Dataset entries
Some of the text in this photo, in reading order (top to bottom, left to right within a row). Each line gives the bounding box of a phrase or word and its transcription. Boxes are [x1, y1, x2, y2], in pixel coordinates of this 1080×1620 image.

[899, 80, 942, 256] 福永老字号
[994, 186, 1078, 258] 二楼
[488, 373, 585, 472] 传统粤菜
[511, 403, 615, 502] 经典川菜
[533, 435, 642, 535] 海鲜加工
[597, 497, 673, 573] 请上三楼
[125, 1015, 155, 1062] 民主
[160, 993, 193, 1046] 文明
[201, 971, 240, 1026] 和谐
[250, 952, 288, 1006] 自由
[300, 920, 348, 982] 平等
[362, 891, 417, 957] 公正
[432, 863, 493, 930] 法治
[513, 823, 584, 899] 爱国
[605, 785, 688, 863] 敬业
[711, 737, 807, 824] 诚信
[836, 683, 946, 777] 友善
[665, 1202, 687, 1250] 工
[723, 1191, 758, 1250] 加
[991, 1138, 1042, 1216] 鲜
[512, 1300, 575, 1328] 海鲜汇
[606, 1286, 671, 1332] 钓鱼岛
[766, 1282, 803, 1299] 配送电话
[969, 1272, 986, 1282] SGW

* [Task objective]
Quote all the records. Keep every word exact.

* [Response box]
Some of the text in this photo, in reading order (top to bottom, left to right within a row). Each line gives the bounding box of a phrase or word and its transcription. Boxes are [x1, y1, x2, y2], in pixel coordinates of this 1080×1620 image.

[899, 80, 942, 256] 福永老字号
[994, 186, 1078, 258] 二楼
[488, 373, 585, 472] 传统粤菜
[511, 403, 615, 502] 经典川菜
[533, 435, 642, 535] 海鲜加工
[597, 497, 673, 573] 请上三楼
[125, 1015, 155, 1062] 民主
[160, 993, 193, 1046] 文明
[201, 971, 240, 1026] 和谐
[250, 952, 288, 1006] 自由
[300, 920, 348, 982] 平等
[362, 891, 417, 957] 公正
[432, 863, 493, 930] 法治
[513, 823, 584, 899] 爱国
[605, 785, 688, 863] 敬业
[711, 737, 807, 824] 诚信
[836, 683, 946, 777] 友善
[665, 1202, 687, 1250] 工
[723, 1191, 758, 1250] 加
[991, 1138, 1042, 1216] 鲜
[512, 1300, 575, 1328] 海鲜汇
[606, 1286, 671, 1332] 钓鱼岛
[766, 1282, 803, 1299] 配送电话
[969, 1272, 986, 1282] SGW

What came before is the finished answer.